Top Air Travel Stories From 2021

Commercial airplane flying above clouds. (Photo via Jag_cz/iStock/Getty Images)
Rich Thomaselli
by Rich Thomaselli
Last updated: 8:00 PM ET, Tue December 28, 2021

An up and Down Year in the Air

2020 was a year filled with financial losses for airlines - and all of travel, really - due to the pandemic. It was 12 months of hardship and craziness, to be sure.

Then 2021 came along and basically said to 2020, "Hold our beer."

The past year has been a rollercoaster, highlighted by an industry turnaround that happened far more quickly than expected but lowlighted by an escalation in passenger violence against crew members that, quite frankly, has gotten out of hand.

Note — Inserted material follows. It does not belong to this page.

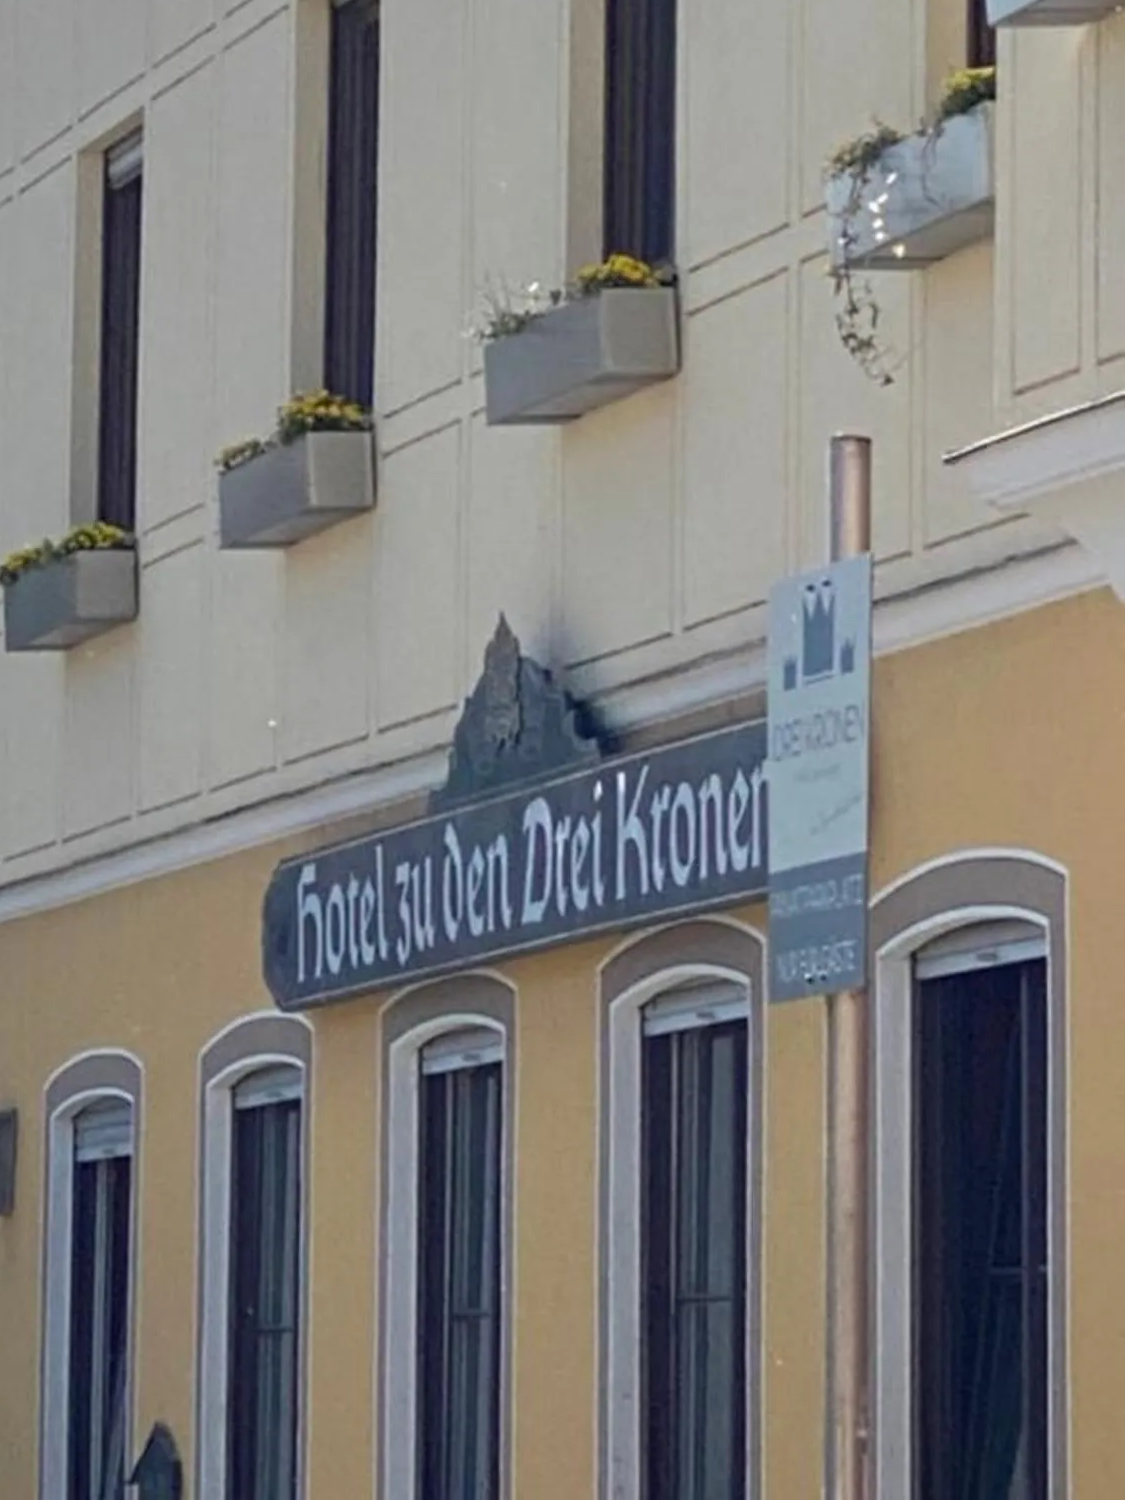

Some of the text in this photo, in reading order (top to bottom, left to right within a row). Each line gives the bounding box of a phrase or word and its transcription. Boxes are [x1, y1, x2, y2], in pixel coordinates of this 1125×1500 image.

Here's a look back at 2021.

President Biden's Executive Order

It didn't take long for President Joe Biden to put his stamp on the presidency and his influence on travel, especially air travel. On his second day in office in late January, Biden signed an executive order requiring international travelers to not only have a negative COVID-19 test to enter the U.S., but to also self-quarantine upon arrival. It would be the first of many times the Administration made air travel headlines in 2021.

Violence On Airplanes

In actuality, physical violence and verbal abuse of flight attendants and crew began in 2020, coinciding with a federal mask mandate. But in 2021, passengers - perhaps emboldened by political views on personal freedoms and some who were fueled by alcohol - took it to another level. Numerous flight attendants were physically assaulted, including several that needed medical attention. The Justice Department said it would step up criminal prosecution, and the Federal Aviation Administration began levying hefty fines. But the violence was, and remains, a disturbing element of air travel.

New Airlines Take Off

It was the year of new airlines - despite the pandemic. Three new budget carriers made their debuts, including Aha!, Avelo and Breeze, the latter of which is headed by former JetBlue Airways founder David Neeleman.

The Return of Air Travel

Well, this happened in a hurry. Starting with Memorial Day, and continuing through the July 4 holiday, summer, Thanksgiving and now Christmas, the pent-up demand for travel surprised nearly everyone. Thanksgiving was a major test for the airlines, and they passed it with flying colors, while the Christmas season - even with the Omicron variant hanging overhead - has also proven to be nearly back to normal.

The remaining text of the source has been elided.